In the wake of the General Synod's vote to allow the appointment of women to the episcopate in the Church of England, the Archbishop of Canterbury has written to the Pope to ask that this not impede the vital work of Christian unity between the two communions.

The impact of ordaining women to the episcopate has long raised questions about the impact on ecumenical relationships. At several points in the history of the debate, our ecumenical partners have even weighed in with their perspective. Therefore, ++Welby's letter is heartening.

In his letter sent to the Pope and other churches, Archbishop Welby wrote: “We are aware that our other ecumenical partners may find this a further difficulty on the journey towards full communion. “There is, however, much that unites us, and I pray that the bonds of friendship will continue to be strengthened and that our understanding of each other’s traditions will grow.” He added: “It is clear to me that whilst our theological dialogue will face new challenges, there is nonetheless so much troubling our world today that our common witness to the Gospel is of more importance than ever. “There is conflict in many regions of our world, acute poverty, unemployment and an influx of oppressed people driven away from their own countries and seeking refuge elsewhere. “We need each other, as we, as churches empowered by the Holy Spirit, rise to the challenge and proclaim the good news of our Lord and Saviour Jesus Christ and strive for closer fellowship and greater unity.”

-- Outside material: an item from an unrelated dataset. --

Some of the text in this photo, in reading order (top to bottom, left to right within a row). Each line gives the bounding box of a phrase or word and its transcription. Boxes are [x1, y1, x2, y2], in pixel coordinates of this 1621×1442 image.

Read the whole article here.

National Cathedral commemorates start of WWI

Yesterday, the National Cathedral marked the 100th anniversary of the start of the First World War with a service of atonement. The whole service, said on July 27th, was constructed around the need for repentance for war, and the horrors it inflicts on humanity.

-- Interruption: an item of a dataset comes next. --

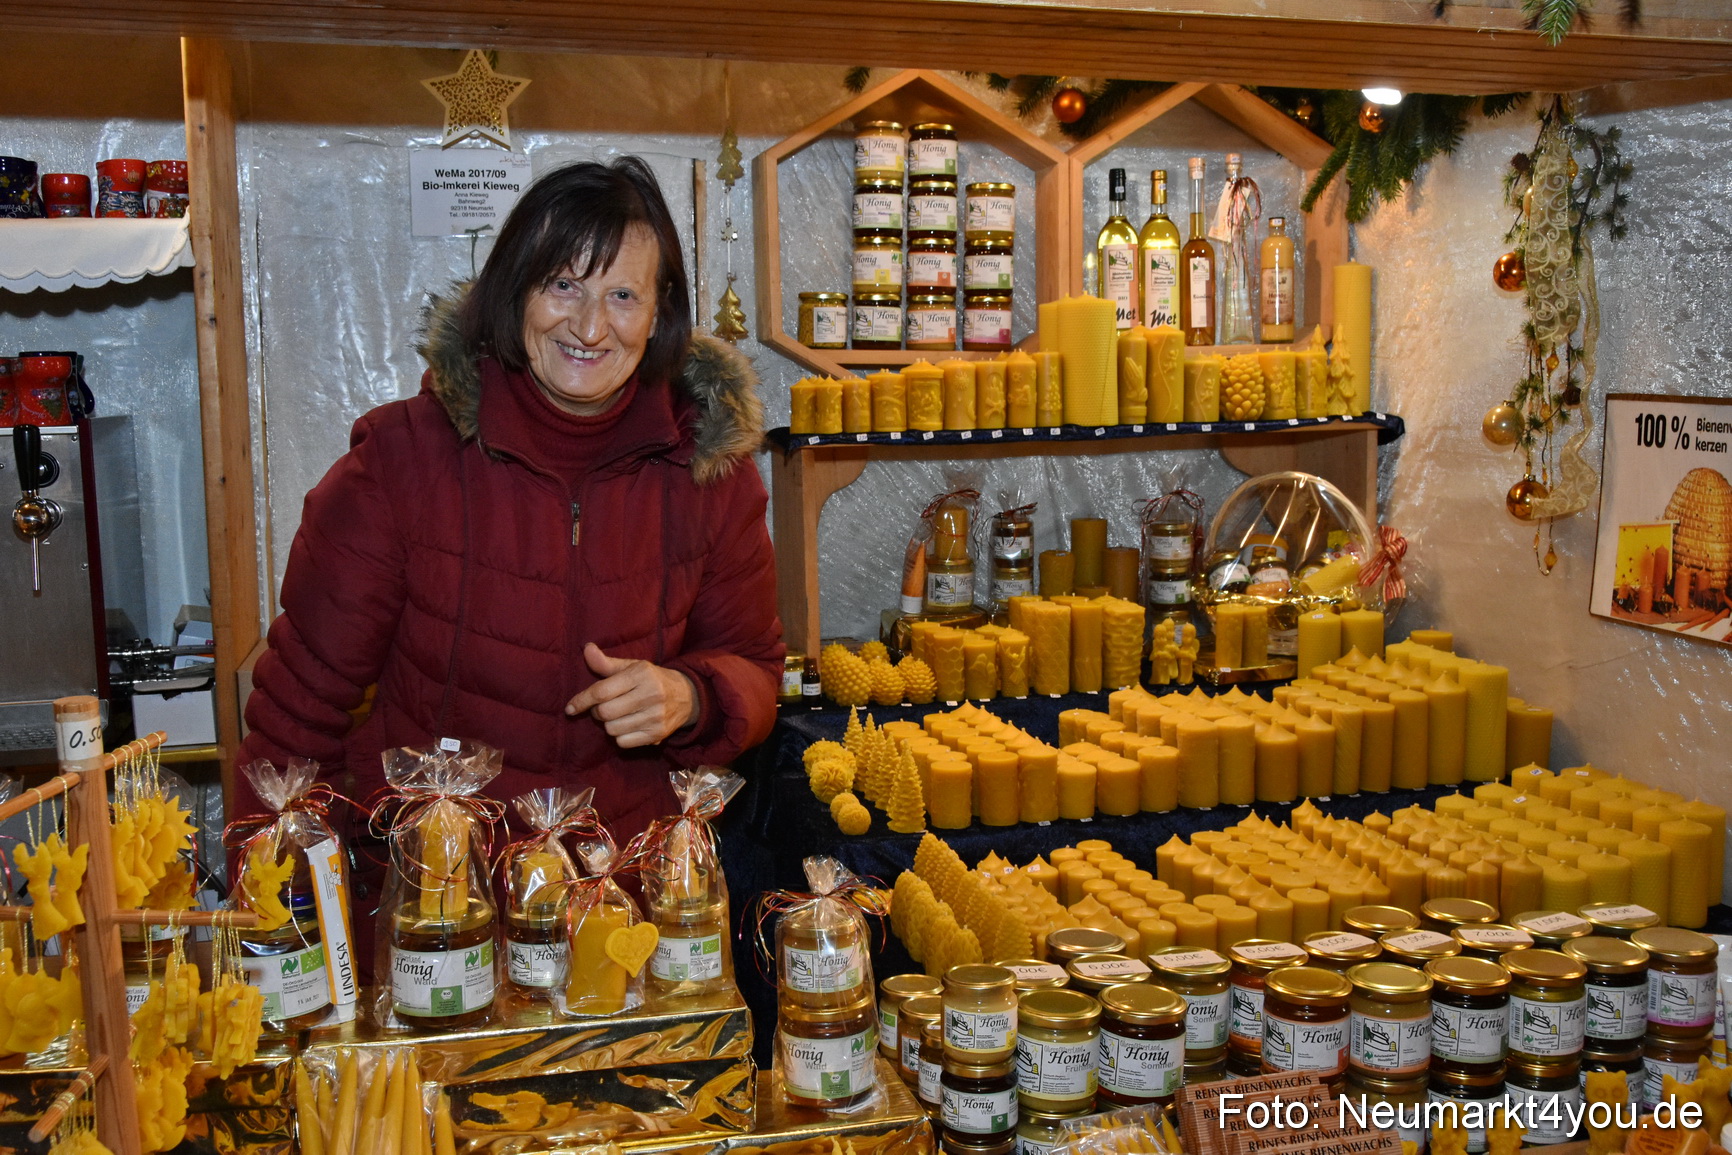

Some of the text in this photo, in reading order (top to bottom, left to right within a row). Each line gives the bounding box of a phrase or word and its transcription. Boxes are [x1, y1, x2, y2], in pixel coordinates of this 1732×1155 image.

“One hundred years ago, an assassin’s bullet plunges the nations of the world into violence unlike any the world has ever seen,” the service’s litany of prayer begins, before citing the number of dead and wounded, including civilians.

“From the fields of Flanders to the forests of Verdun to the peninsula of Gallipoli, the dead cry out: life and love interrupted; hope and promise laid waste; war, war, and more war. Forgive us!”

The full Huffington Post article is here.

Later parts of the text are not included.